Annotated photo localization data:
◇ ◇ ◇ ◇ ◇ ◇ ◇

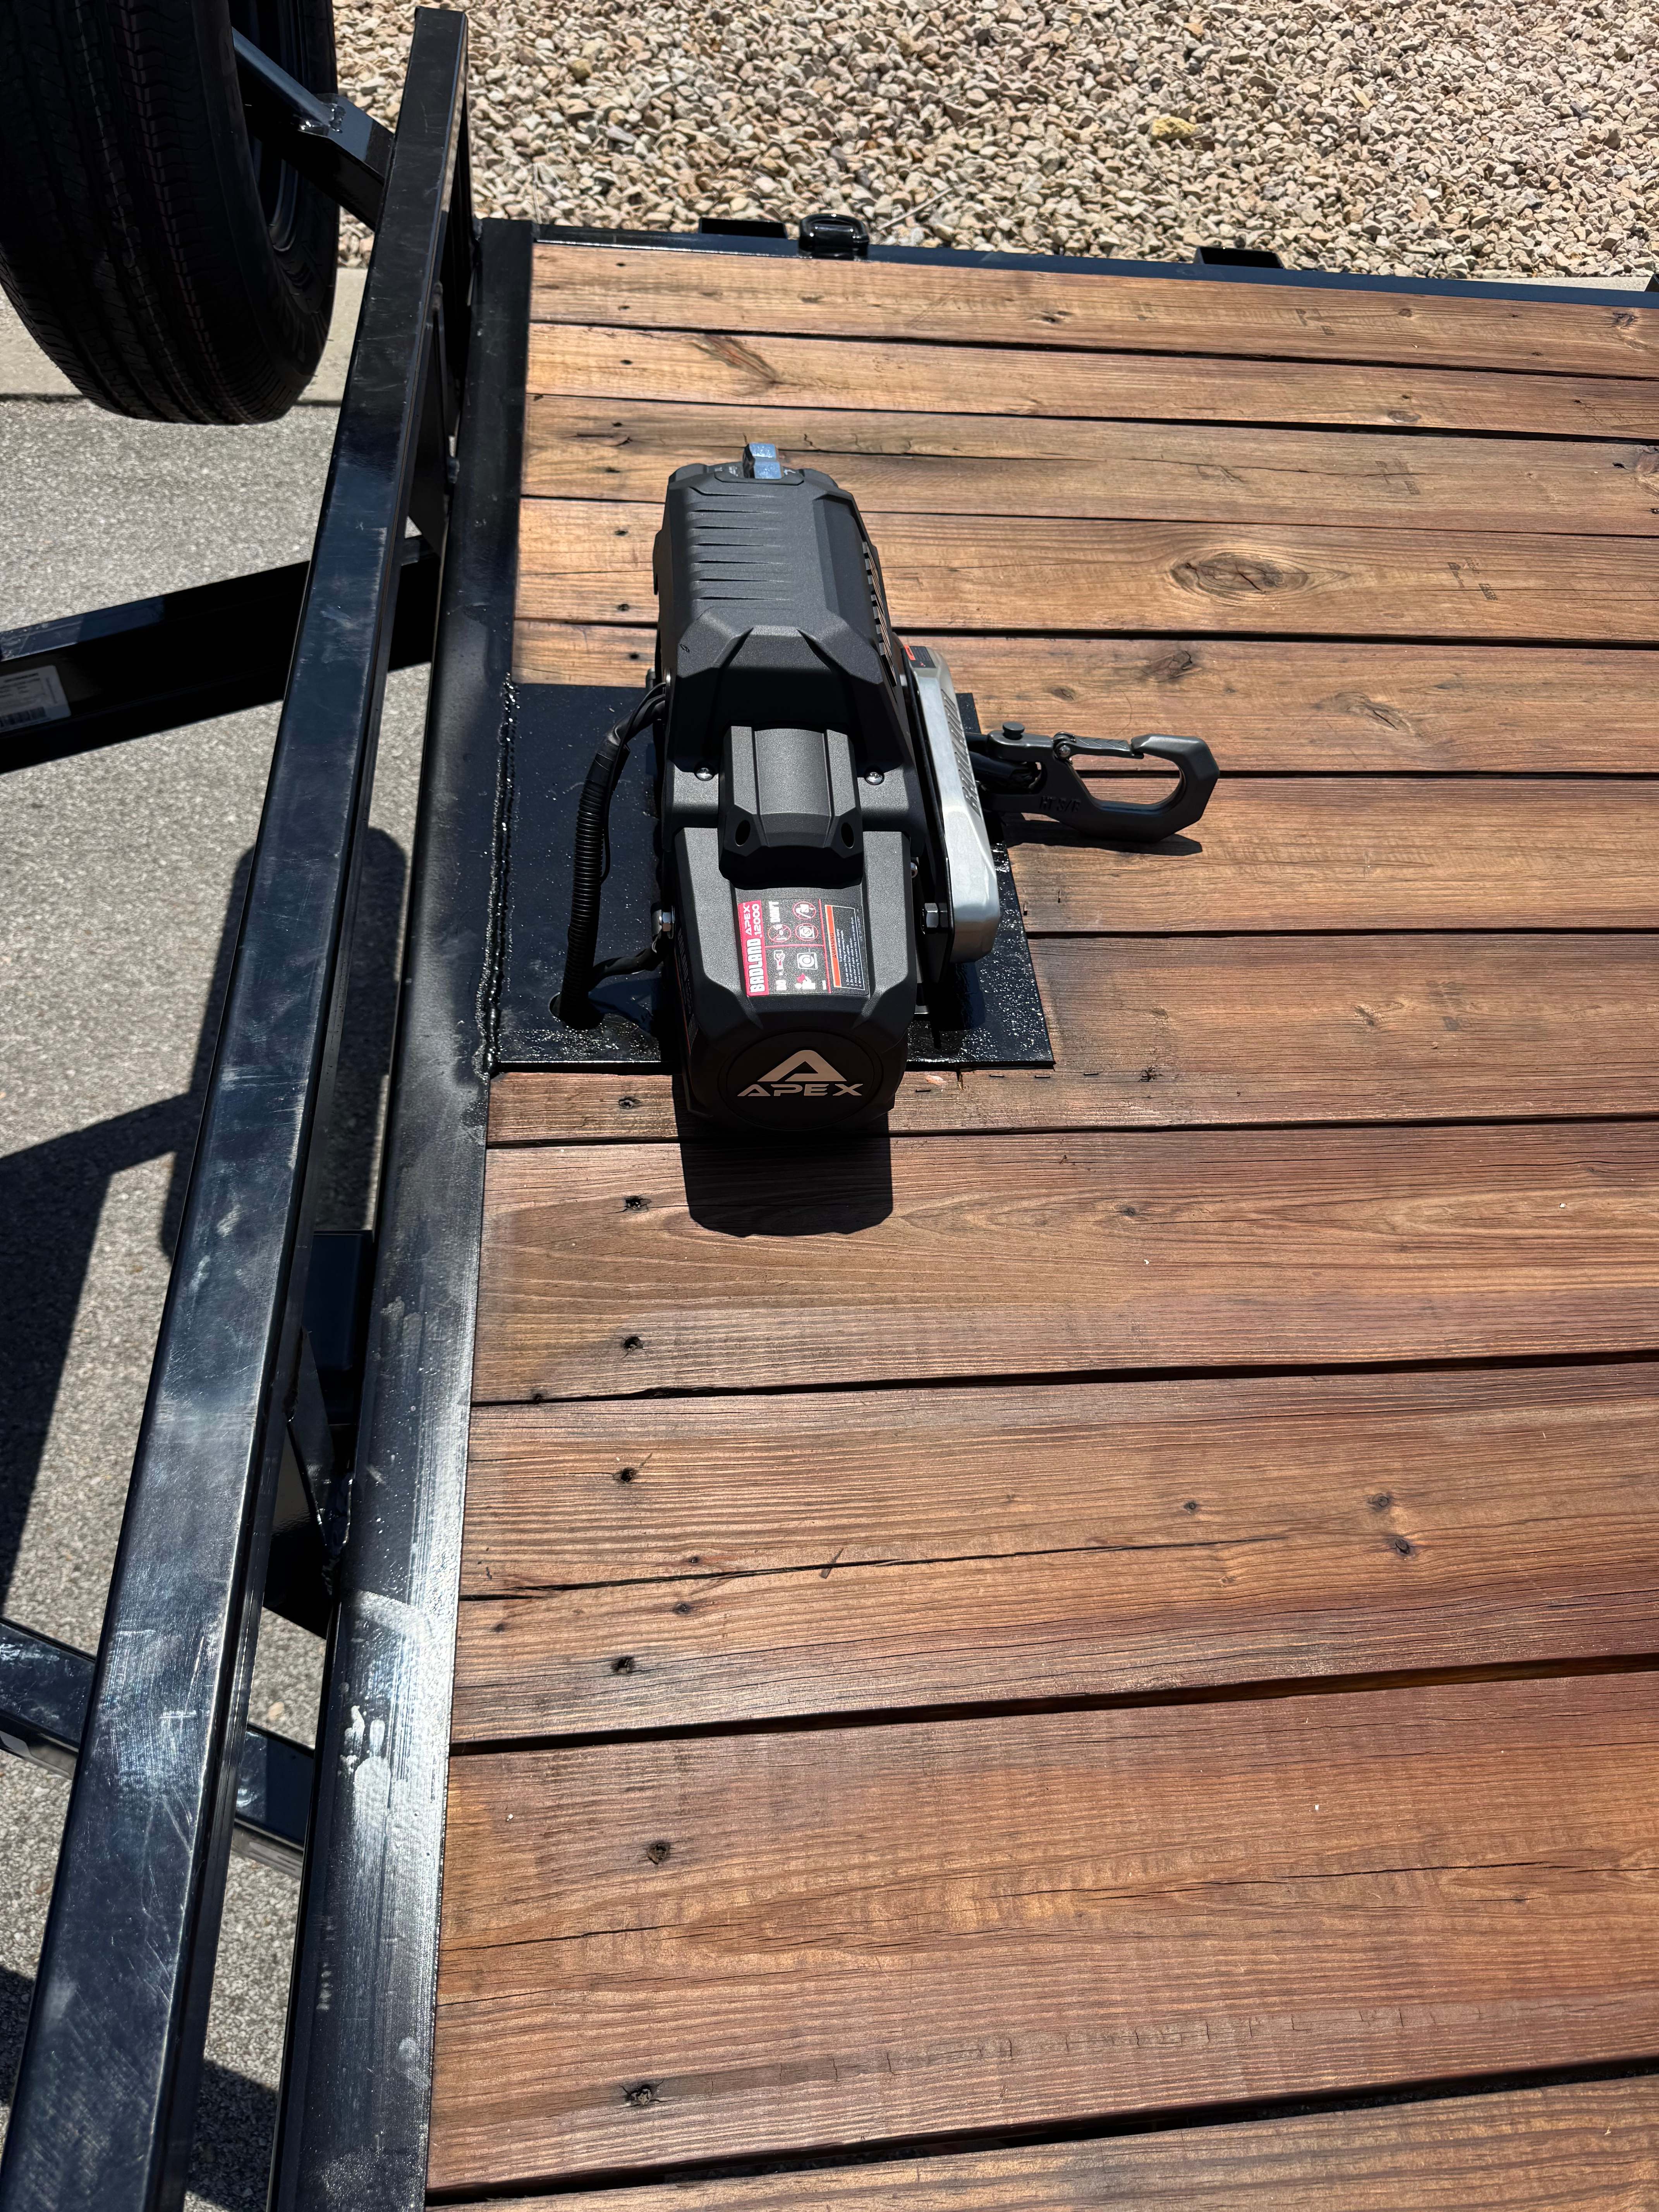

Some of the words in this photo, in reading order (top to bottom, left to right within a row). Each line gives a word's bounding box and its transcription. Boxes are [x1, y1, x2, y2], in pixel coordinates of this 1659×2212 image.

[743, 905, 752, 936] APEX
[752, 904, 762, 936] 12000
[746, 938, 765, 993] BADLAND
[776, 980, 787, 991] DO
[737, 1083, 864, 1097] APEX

◇ ◇ ◇ ◇ ◇ ◇ ◇

- Exercise objective
Once the pictures are set aside, write out each record exactly.

- Result of the exercise
Some of the words in this photo, in reading order (top to bottom, left to right within a row). Each line gives a word's bounding box and its transcription. Boxes are [x1, y1, x2, y2], in pixel coordinates of this 1659×2212 image.

[743, 905, 752, 936] APEX
[752, 904, 762, 936] 12000
[746, 938, 765, 993] BADLAND
[776, 980, 787, 991] DO
[737, 1083, 864, 1097] APEX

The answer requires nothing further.